How do you find a marketable subject and content for the book you would like to write?
When the idea of writing a book strikes you, your first instinct is to begin writing at once. In fact, most budding writers are told that they need to write down whatever comes to their mind even if there are major revisions later. Perhaps, in some sense that is a good idea, but not always true. As you begin to write, you need the seed of an idea for a book. As the idea begins to grow, your books will take more and more shape. Here is where you have to get more selective; i.e., to decide what you want to write about and to whom you are aiming the book, i.e., who is your audience.
If you would like your book to be well received, you need to realize that your book will need to be well-written. Then you will need to learn how to market your book beyond your friends and family. Harmon Press will provide you with tips to make you a success in this area, but you have to do the hard work. The larger the number of people buying your book, the more successful your book will be. Therefore even if you have some idea of what you would like to write about, you need to see how receptive the current reading community is to your subject. For example, on almost any day, how to lose weight or how to develop a healthy lifestyle are really hot topics. But, there are thousands of these kinds of books. On the other hand, some books start off in absolutely uncharted waters and yet become huge successes. Take The Shack for example. Determining what subject to write about, especially one that guarantees a fairly large readership, is not going to be easy. However, by following some techniques that we mention below, you can make a genuine attempt at finding topics that can sell.

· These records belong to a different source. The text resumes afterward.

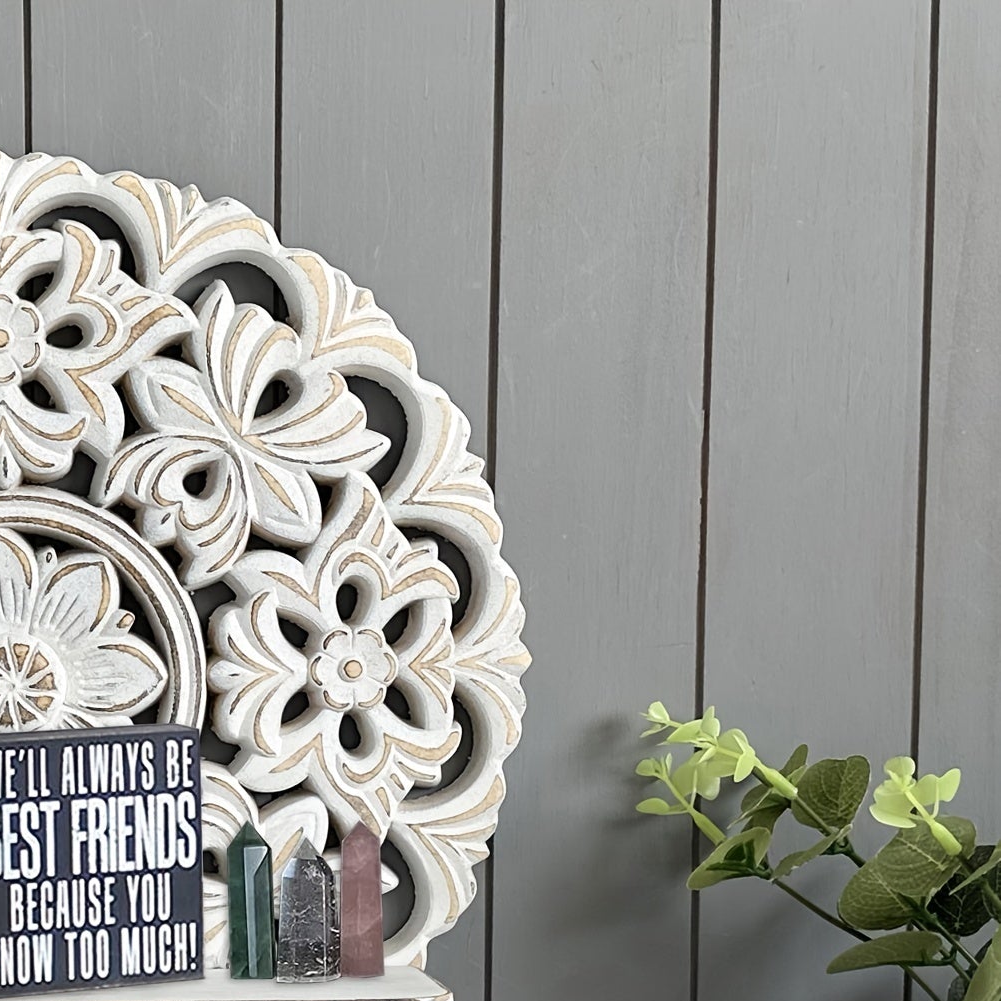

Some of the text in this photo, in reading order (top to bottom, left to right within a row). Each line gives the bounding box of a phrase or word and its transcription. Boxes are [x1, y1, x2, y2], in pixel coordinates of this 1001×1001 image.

[61, 741, 154, 796] ALWAYS
[166, 739, 194, 789] BE
[71, 791, 197, 876] FRIENDS
[10, 872, 171, 932] BECAUSE YOU
[64, 929, 109, 980] TOO
[121, 922, 197, 975] MUCH!
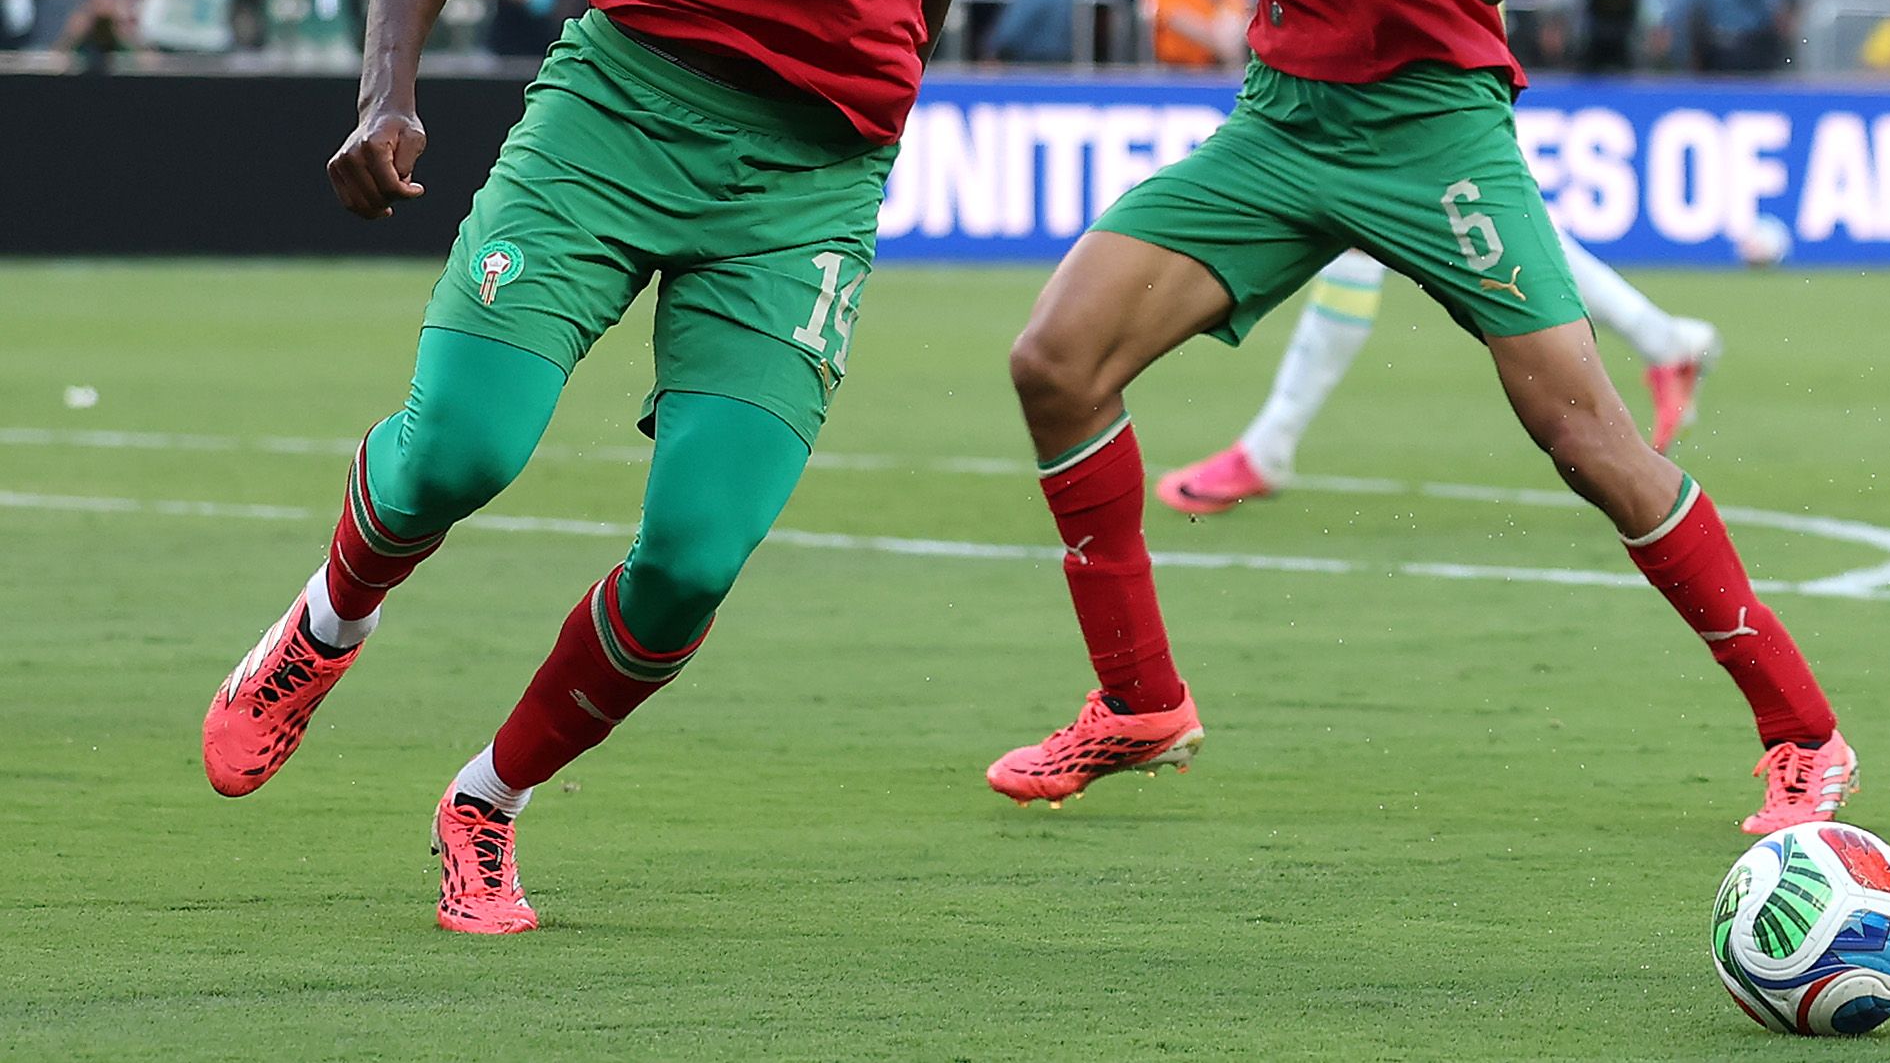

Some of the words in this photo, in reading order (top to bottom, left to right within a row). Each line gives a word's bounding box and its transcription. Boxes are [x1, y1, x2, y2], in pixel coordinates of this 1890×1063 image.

[877, 102, 1227, 238] NITE
[1645, 107, 1793, 243] OF
[1440, 178, 1504, 272] 6

The very first step you will need to take in this regard is to identify the number of people who you strongly believe will be interested in the topic you are writing about. See if you can notch up a significant number of potential readers. Of course, like many new authors, you may also truly believe that there are many out there who are just waiting for a book like yours, thinking that if you write it they will read it. However, you need to be more practical and make a realistic assessment of who might be interested in your book.
Once you have a number, you need to understand what this means and what we mean by significant number of potential readers. If you are writing about the history and traditions of a very small local community or trying your hand at a new kind of fiction, for example, even a few hundred might be a significant number. On the other hand, if you think you have created an interesting detective character that will take the world of who-dunnits by storm, you may be looking at hundreds of thousands of readers. It is up to you to decide what kind of audience will be interested in your book and the number you can safely say will be interested in your book.
You will also need to carry out some kind of market research on your subject. The best place to begin is at any one of the online bookstores such as Amazon, Barnes and Noble, or Google Books. Search for books written on a subject similar to yours. You will then know what the current interest in that subject is as well as where the present competition stands. These sites will also indicate what sales figures for those books are, which can be very indicative of what a good book on that subject can possibly bring.
If you are keen on your subject, do not be disheartened if the numbers are not encouraging. On the other hand, if you are open to suggestions or are flexible, within limits, about the choice of topic, you could consider writing on something more popular. So, before you proceed further, do some market research, identify a marketable topic, and then continue writing your book based upon your findings.
Another very important aspect of writing a book is to give the book a good title. Typically, most traditional publishers do not go with the titles originally thought up by the author. These titles tend to be too functional, and publishers are looking for titles that are not only attractive, but also appealing. While the choice of a title may not make too much difference to the success of the book, it is obvious that an intriguing title will push more people to at least look at the book than what an ordinary title would have done. The title typically tells the potential reader what the book aims to do and the subtitle gives readers a compelling reason to buy it. For example, the title Eating Your Way to Weight Loss is an interesting title for a book about weight loss and the subtitle, Lose weight by eating healthy, not less tells the reader why they should buy it. Further, it is not the readers alone on whom the book has to make an impression but also on bookstore managers who like stocking books that have catchy or distinctive titles. Therefore, once the book is completed, take some time researching on what an appropriate title for the book would be. Look at other similar books and see what kind of titles and /or subtitles are being used. Do they use any idioms or clichés suitably modified to reflect the content or do they perhaps use some wordplay? You could also just go with the kind of feeling your book evokes while choosing the title. At Harmon Press we will help you determine an appropriate title.
Note that a writer does not usually provide a novel with a subtitle—instead what is known as a “tag line” is very commonly used. Very often, this is just a clever marketing tactic and does not really appear on the cover of the novel. But the role of a catchy tag line in luring prospective readers is often underestimated.